Rising U.S. healthcare costs, along with the steady growth of consumer-driven healthcare, make it unlikely that not-for-profit hospitals will escape continuing debate over their charity-care, billing and collection policies. As employers push a greater share of medical bills—some of them staggeringly large—onto individual consumers, the percentage of patients unable to pay all or some of their bills is expected to rise, a trend some hospitals are already witnessing.

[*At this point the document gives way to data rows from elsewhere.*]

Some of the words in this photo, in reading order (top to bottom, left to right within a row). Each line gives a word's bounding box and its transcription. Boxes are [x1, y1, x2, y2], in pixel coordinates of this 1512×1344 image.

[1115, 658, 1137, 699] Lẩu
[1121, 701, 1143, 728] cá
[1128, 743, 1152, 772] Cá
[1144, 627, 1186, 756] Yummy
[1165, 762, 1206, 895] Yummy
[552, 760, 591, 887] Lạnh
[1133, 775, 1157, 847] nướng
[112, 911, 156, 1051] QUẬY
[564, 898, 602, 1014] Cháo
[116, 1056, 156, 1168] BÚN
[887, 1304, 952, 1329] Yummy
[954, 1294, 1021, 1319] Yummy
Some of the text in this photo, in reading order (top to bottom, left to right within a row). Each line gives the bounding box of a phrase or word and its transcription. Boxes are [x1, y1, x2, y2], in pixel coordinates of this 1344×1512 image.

The controversy over whether not-for-profits earn their tax-exempt status by providing charity care or other benefits basically boils down to hospitals' idiosyncratic policies for tallying and publicly reporting such expenses. Industry efforts to set a voluntary standard for what to count as charity expenses recently stalled after the American Hospital Association and the Catholic Health Association offered competing proposals. The AHA argues unpaid bills, or bad debt, and costs not covered by Medicare should count toward hospitals' charity total. The CHA disagrees. Bad debt is considered the cost of care for patients who don't pay their bills. Charity care is typically the cost of free or discounted care for low-income patients who often can't pay their bills.
Rumblings from Congress and the Internal Revenue Service suggest voluntary efforts may be too late. The IRS earlier this year mailed out letters containing so-called soft audits seeking details on how and how much hospitals spend on charity care. The move follows congressional inquiries and an ongoing probe into not-for-profit oversight by Sen. Chuck Grassley (R-Iowa) (See related story, p. 42).